The Danger/Concern is...
There's this file located in your /wp-includes/ folder that's called registration.php.
It essentially allows you to insert users into your WP user table on the fly. Thing is; it doesn't ask for any type of authentication!!
That means that anybody that knows about this file and a little bit of PHP can basically insert users into your WP database. This is bad.
I'm not gonna get into all that could happen; just FIX the possibility of someone hacking you by doing the following; (this is just off the top of my head and I have NOT tested this so I'm not sure if it will affect anything else -- but, I don't think it will because it seems that this file was put in place specifically for the purpose of inserting users outside of the normal channel).
That being understood...
Simply rename that file to something only you know. <-- NOT the answer
EDIT: I'm still looking for a solution that would be easy to implement. "I" could easily just add an IF statement that looked for a secret key; but, that wouldn't be very easy for non-coders. So, I'll keep looking.

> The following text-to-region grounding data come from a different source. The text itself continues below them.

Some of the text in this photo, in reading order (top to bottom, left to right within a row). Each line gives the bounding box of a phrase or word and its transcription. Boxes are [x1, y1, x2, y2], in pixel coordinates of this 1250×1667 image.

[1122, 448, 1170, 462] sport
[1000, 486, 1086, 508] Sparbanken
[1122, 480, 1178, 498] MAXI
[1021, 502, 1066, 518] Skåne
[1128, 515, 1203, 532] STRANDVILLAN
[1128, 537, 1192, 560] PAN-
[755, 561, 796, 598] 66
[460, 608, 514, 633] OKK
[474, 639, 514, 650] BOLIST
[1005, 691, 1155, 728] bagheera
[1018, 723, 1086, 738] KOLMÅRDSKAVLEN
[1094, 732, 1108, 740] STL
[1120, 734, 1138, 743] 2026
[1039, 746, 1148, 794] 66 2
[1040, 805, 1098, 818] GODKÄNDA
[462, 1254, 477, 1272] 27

I did some frantic searching and didn't find anybody yelling about it or complaining. The WP codex talks about it rather gingerly like its no big deal . I did find quite a few sites in Russian (I think) talking about it.. I'm not prejudice but.. <ahem>... not sure what they were talking about since I don't read Russian.
Do this NOW if you're wanting to protect your WP site(s) from being hacked.
One thing that could happen is someone adding themselves to your WP user database as an Admin and reaping havok on your blog. That would suck!
OK.. I warned ya. Hope you take heed.
IF someone with more WP expertise than me has something more elegant OR knows for a FACT that this can not hurt our blogs, PLEASE speak up.
Edited for those coming behind us reading this thread.